Mr Critchley made note for the record that the majority creditor by value wishes for the Chairman to vote in favour of the resolution on the basis that his reasons given for declining to vote are inadequate, and to nominate the Liquidators that hold an indemnity. Mr Critchley expressed his disappointment that the resolution was not carried.
5 There is some dispute about the completeness of the minutes. Mr Critchley deposed to the following exchange between him and the First Respondent during the 8 May 2009 meeting of creditors which is not recorded in the minutes:
Mr Critchley: Did you have regard to clause 21.7 of the IPA Code of Practice when considering whether to exercise your casting vote?
First Respondent: I did have regard to that principle.
Mr Critchley: Do you have the Code in your presence then?

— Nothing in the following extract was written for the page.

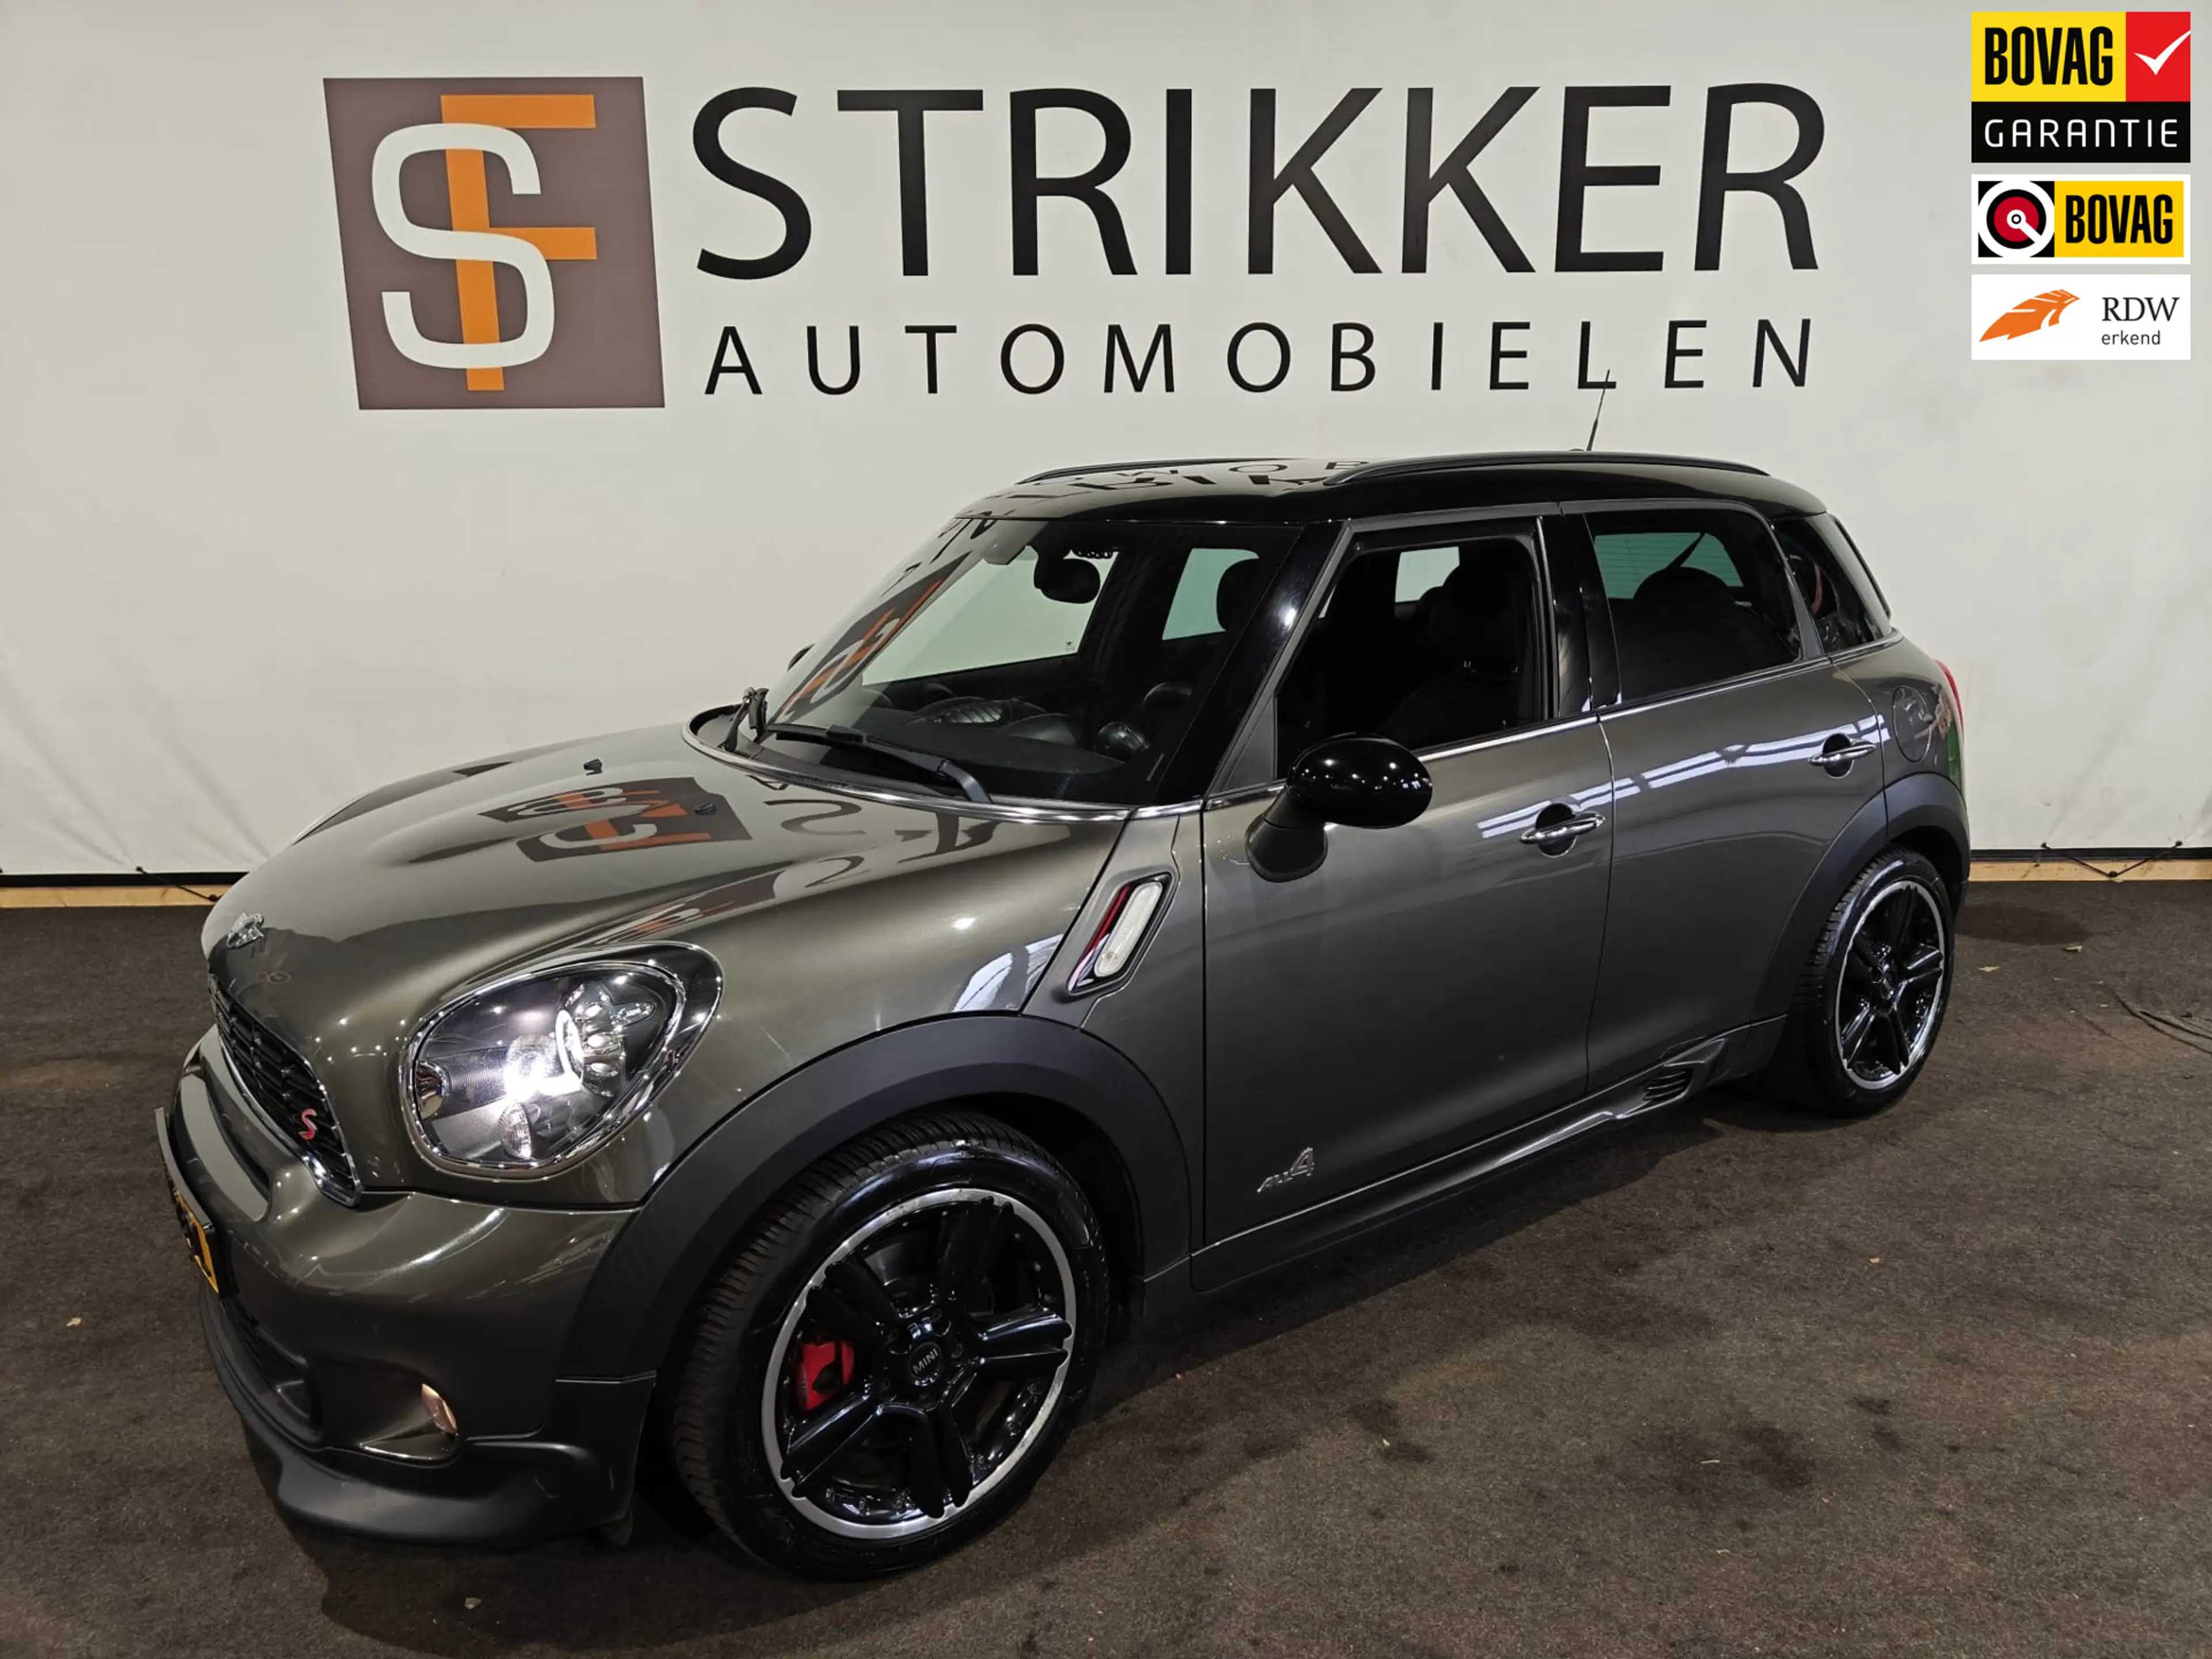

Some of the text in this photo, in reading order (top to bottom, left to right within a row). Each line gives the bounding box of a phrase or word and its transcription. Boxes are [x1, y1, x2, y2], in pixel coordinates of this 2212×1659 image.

[692, 83, 1824, 280] STRIKKER
[704, 319, 1811, 396] AUTOMOBIELEN
[298, 1108, 318, 1140] S
[912, 1348, 938, 1374] MINI

First Respondent: I do not.
Mr Critchley: You say you had regard to the Code a moment ago, yet it is not with you. Do you have a recollection of what it says?
First Respondent: I don't have to answer this. No, I wasn't asked whether I knew it exactly by you before.

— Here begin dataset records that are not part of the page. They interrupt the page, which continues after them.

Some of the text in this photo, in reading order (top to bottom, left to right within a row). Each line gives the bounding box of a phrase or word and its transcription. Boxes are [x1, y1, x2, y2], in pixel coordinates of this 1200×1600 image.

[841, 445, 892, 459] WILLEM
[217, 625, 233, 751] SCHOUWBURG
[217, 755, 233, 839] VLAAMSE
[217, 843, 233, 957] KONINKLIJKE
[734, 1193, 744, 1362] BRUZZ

Mr Critchley: That wasn't what I asked. You have informed the meeting that you had regard to the Code. The Code is not before you. If you do not know what it says, how can you have regard to it?

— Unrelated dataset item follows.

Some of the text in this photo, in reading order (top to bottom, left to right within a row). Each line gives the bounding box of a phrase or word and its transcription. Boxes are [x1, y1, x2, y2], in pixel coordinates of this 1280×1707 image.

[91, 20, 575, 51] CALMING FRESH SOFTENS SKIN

First Respondent: I don't have to answer these questions.
Neither of the Respondents challenged Mr Critchley's evidence as to the fact or substance of the exchange.
6 The reference to the "Code" is, in fact, a reference to the IPA Code of Professional Practice for Insolvency Practitioners. Section 21.7.4 of the Code entitled "Use of the Casting Vote" provides:
Applicable to Voluntary Administrators, Deed Administrators and Liquidators only
The casting vote provides to the appointee a very powerful tool. Practitioners must exercise the casting vote according to law using their professional judgment in the circumstances of the particular administration.
The legal principles that govern the exercise of the casting vote are explained in the case law and texts and are summarised below:
· the Chairperson has discretion whether to exercise the casting vote. The chair 'should proceed to exercise the casting vote and resolve the deadlock (thereby resorting to the power for the purpose for which it exists) unless there is some good reason to refrain from doing so'. Failure to exercise the casting vote for some irrational or irrelevant reason is inconsistent with the person's duty;
· the Chairperson must weigh up all relevant factors and act honestly and according to what they believe to be in the best interests of those affected by the vote; and for a proper purpose;
· the exercise of the casting vote is most appropriate in circumstances where either creditors with a majority in value have such an overwhelming interest that it is inappropriate to allow a majority in number, who do not have the same monetary interest to carry the day, or vice versa. However, there is no presumption in favour of the majority in value, although any large disproportion between the values of the debts of the numerical minority and the numerical majority will be a factor to be taken into account; nor is there any presumption in favour of maintaining the status quo;
· The practitioner is entitled to, and should, bring his or her experience and practical considerations to bear in deciding how to exercise the vote;
…
Some matters for consideration when exercising a casting vote are, but not limited to:
· Do creditors with a majority in value however not in number have an overwhelming interest over those in number?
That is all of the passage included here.